5th, 8th and 15th President of Venezuela
- In office 29 August 1861 – 15 June 1863
- Vice President: Vacant
- Preceded by: Pedro Gual Escandón (Interim)
- Succeeded by: Juan Crisóstomo Falcón
- In office 1 February 1839 – 28 January 1843
- Vice President: Carlos Soublette (1839–1841); Santos Michelena (1841–1843);
- Preceded by: Carlos Soublette
- Succeeded by: Carlos Soublette
- In office 13 January 1830 – 20 January 1835
- Vice President: Diego Bautista Urbaneja (1830–1833); Andrés Narvarte (1833–1835);
- Preceded by: Simón Bolívar (as President of the Third Republic of Venezuela)
- Succeeded by: Andrés Narvarte (Interim)

Personal details
- Born: 13 June 1790 Curpa, Portuguesa, Captaincy General of Venezuela, Spanish Empire
- Died: 6 May 1873 (aged 82) New York City, U.S.
- Spouse: Dominga Ortiz Orzúa ​(m. 1809)​
- Domestic partner(s): Barbarita Nieves (1821–1847, her death)
- Children: 11
- Occupation: Politician
- Profession: Military officer

Military service
- Allegiance: State of Venezuela
- Branch/service: Venezuelan Army
- Years of service: 1809–1863
- Rank: General in Chief (from 1829)
- Battles/wars: Venezuelan War of Independence, Peruvian War of Independence (Sent military forces to aid Bolívar)

= José Antonio Páez =

President of Venezuela

José Antonio Páez Herrera (/es/; 13 June 1790 – 6 May 1873) was a Venezuelan politician and military officer who served as the president of Venezuela three times.

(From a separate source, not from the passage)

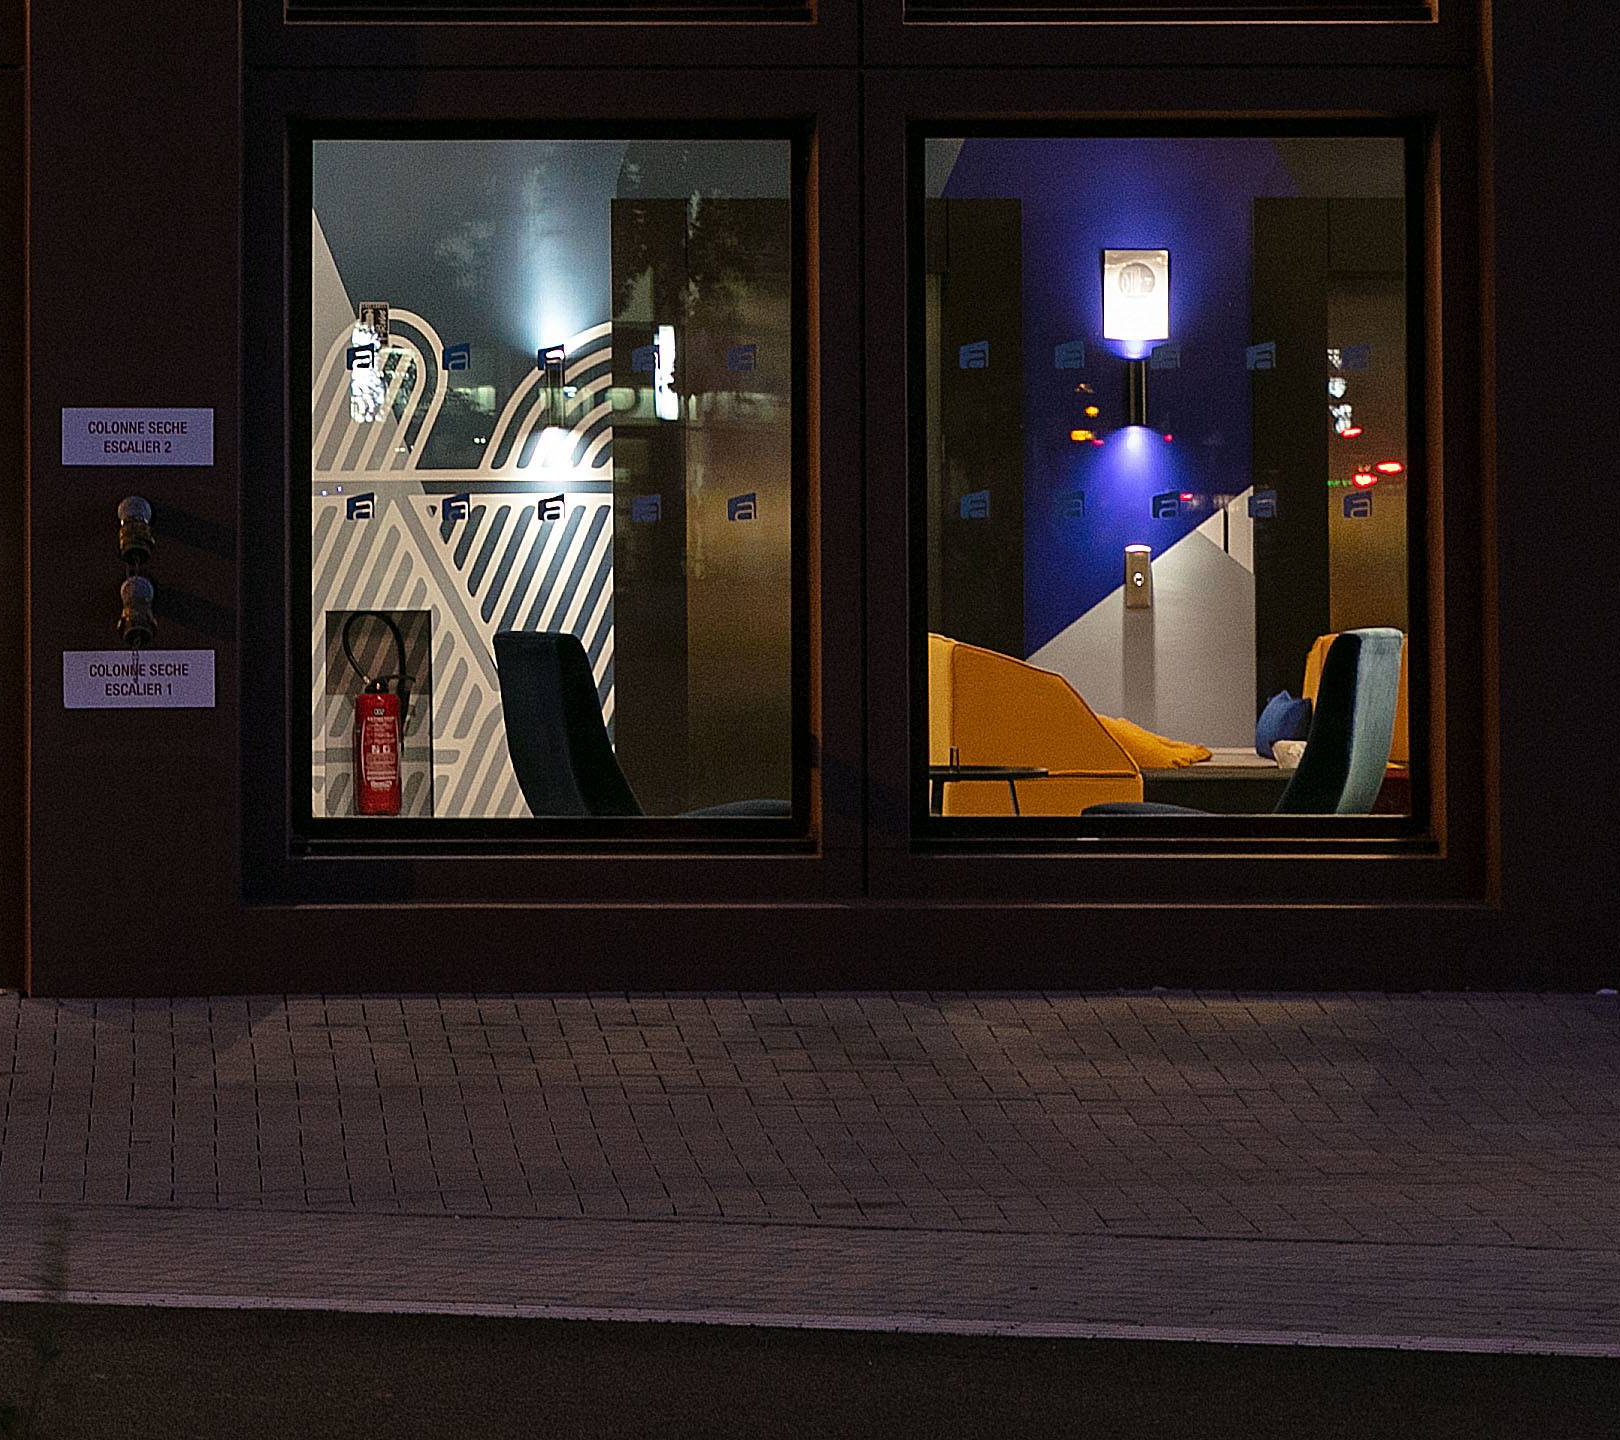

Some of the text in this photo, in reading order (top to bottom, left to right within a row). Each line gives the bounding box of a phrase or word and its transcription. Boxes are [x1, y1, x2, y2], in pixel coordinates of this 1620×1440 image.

[88, 421, 188, 435] COLONNE SECHE
[103, 440, 172, 454] ESCALIER 2
[89, 663, 189, 678] COLONNE SECHE
[105, 683, 173, 697] ESCALIER 1

The first as the 5th president from 1830 to 1835, the second as the 8th president from 1839 to 1843, and the third as the 15th president from 1861 to 1863. He fought against the Spanish Crown for Simón Bolívar during the Venezuelan War of Independence. Páez later led Venezuela's separation from Gran Colombia.

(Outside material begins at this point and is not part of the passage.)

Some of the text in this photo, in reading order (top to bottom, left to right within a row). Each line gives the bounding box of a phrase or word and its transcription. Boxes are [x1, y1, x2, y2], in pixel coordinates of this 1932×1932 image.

Páez dominated the country's politics for most of the next three decades once the country had achieved independence from Gran Colombia, serving either as president or as the power behind puppet presidents. He is considered a prime example of a 19th-century South American caudillo, saddling the country with a legacy of Liberal Party rule that lasted with only a few breaks until 1899. He lived in Buenos Aires and New York City during his years in exile and died in the latter in 1873.

== Biography ==

===Early life===
Páez was born in Curpa (now part of Acarigua), Portuguesa State in the Captaincy General of Venezuela – part of the Spanish Empire. His paternal grandmother, Luisa Antonia de Mendoza y Mota, was daughter of Luís Rodríguez de Mendoza, a native of Icod de los Vinos, Tenerife (Canary Island). He was of humble origins, his father being a low level employee of the colonial government. His mother Maria Violante Herrera is said to have been born in Quíbor, Lara as one of the descendants of Welser German settlers. She had a nickname "La Catira de los ojos azules" (The blue-eyed blonde [The term "catira" is a feminine form of "catire", a Venezuelan slang word for "blond."]) As a boy he was forced to work like a slave. By the age of 20, Páez was married and earning a living by trading cattle.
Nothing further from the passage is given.